In programming the study, we began by identifying all proper names in the corpus via a Named Entity Recognition program, later removing from the list those terms that had nothing to do with London, like foreign toponyms, characters’ names, and the like.footnote3 The results are shown in Figures 2 and 3, below. The 382 London locations that had received at least ten mentions formed the basis of our second corpus: about 15,000 passages which—in a version of the keywords-in-context approach—included a specific place-name at the centre, plus the hundred words that preceded and followed it, as in the case of ‘Regent Street’ (see Figure 1). Taggers were then asked to read the 200-word passage and identify the emotion that best characterized it.
At first, we were hoping to capture a wide spectrum of emotional attitudes; but the lack of agreement among the taggers—as well as among the English graduate students who offered to act as a control group—convinced us to reduce the options to the opposite extremes of fear and happiness.footnote4 As a further constraint, a passage would count as ‘frightening’ or ‘happy’ only if at least half of the taggers had identified it as such; and we re-ran all passages through a ‘sentiment analysis’ program.footnote5 And, eventually, some patterns began to emerge. But before coming to them, we need to sketch out the main material transformations of eighteenth- and nineteenth-century London.
In the period covered by our study, London changed like never before. Its population grew from around 600,000 in 1700 to 1,000,000 in 1800 and then, more dramatically, to 4,500,000 (or 6,500,000, depending on the criteria) in 1900. The nineteenth century, when most of the demographic leap occurred, was also decisive in the redefinition of the space—and in fact the very shape—of the city.
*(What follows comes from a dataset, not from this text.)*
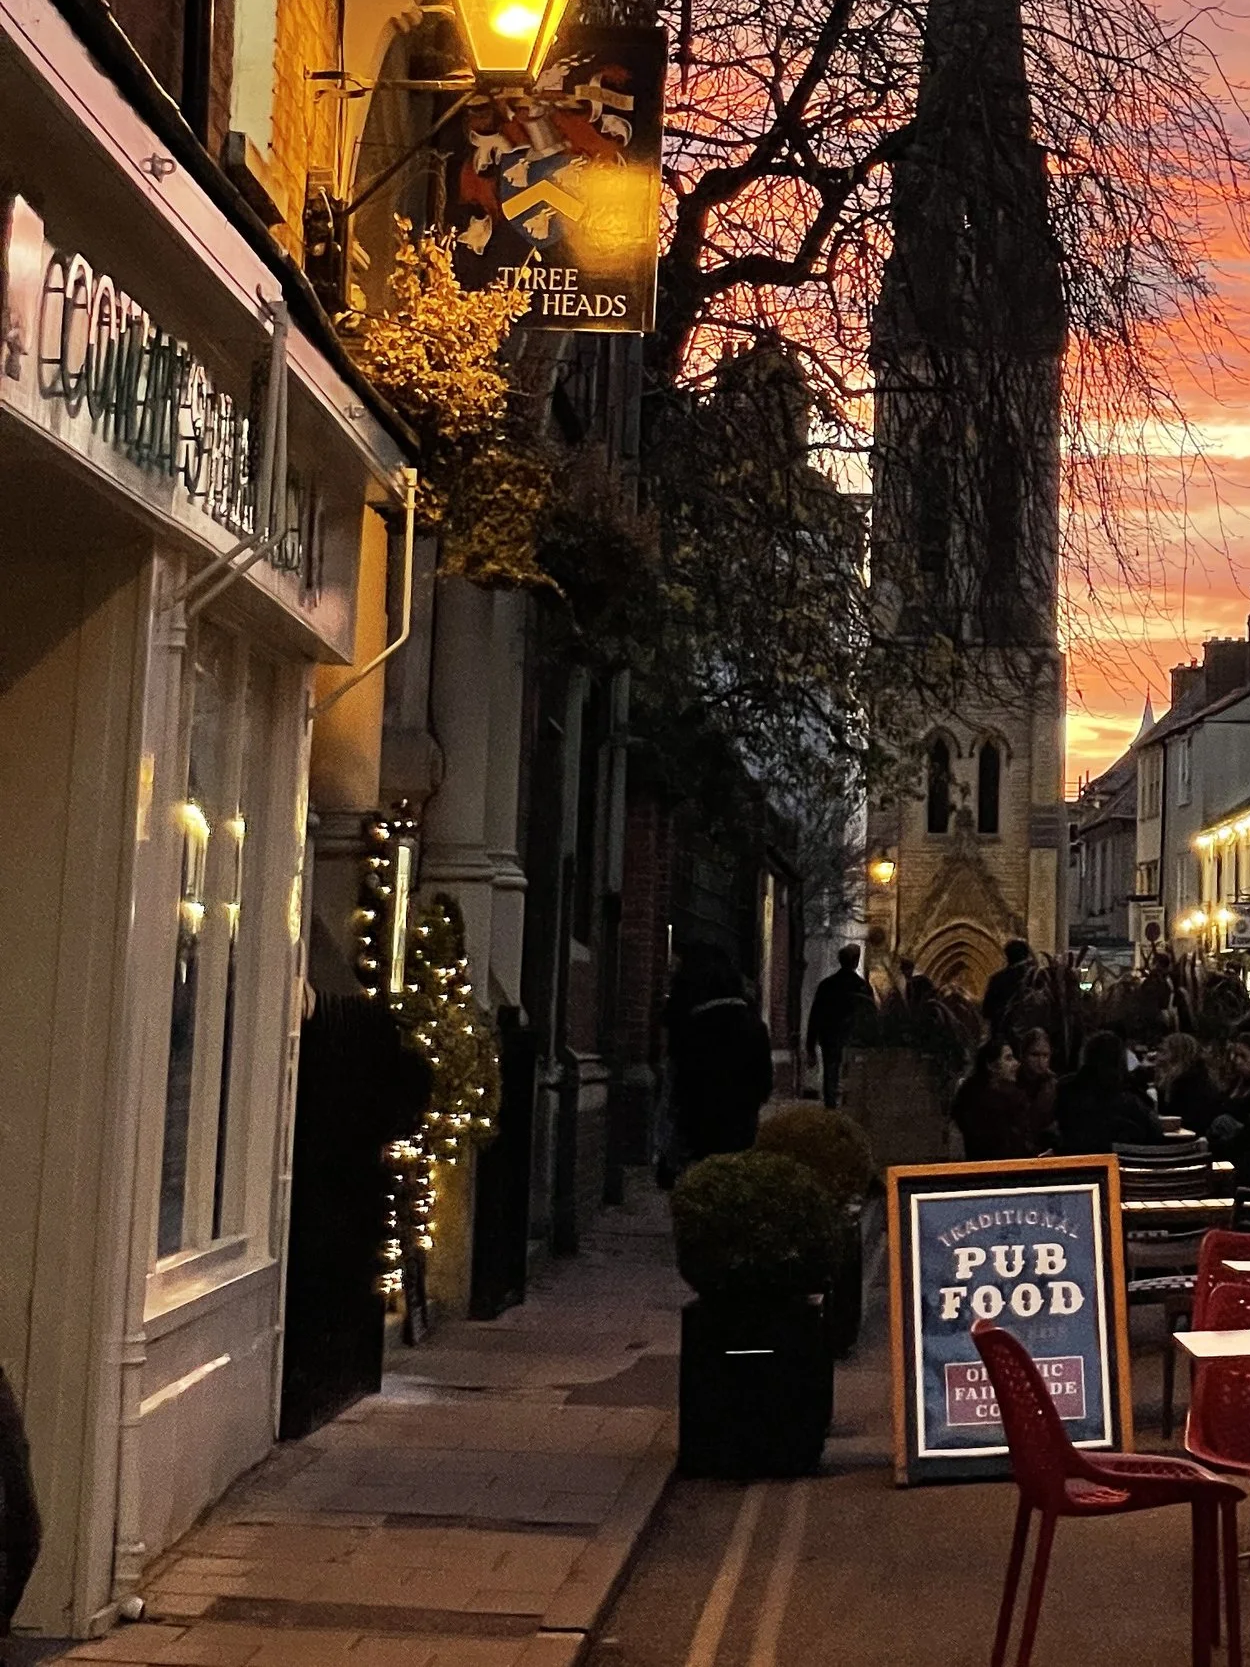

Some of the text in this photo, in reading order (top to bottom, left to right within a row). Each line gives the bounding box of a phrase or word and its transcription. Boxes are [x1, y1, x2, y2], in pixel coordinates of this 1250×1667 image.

Our sequence of London maps in Figure 4 clearly shows how, up to the first quarter of the nineteenth century, the fundamental urban axis ran horizontally from east to west on the north bank of the Thames, creating a strangely elongated rectangle.footnote6 It was only in Victorian times that London detached itself from the river, using major roads as so many tendrils to expand towards the north and south, and eventually transforming its initial shape into the circular pattern so typical of urban geography.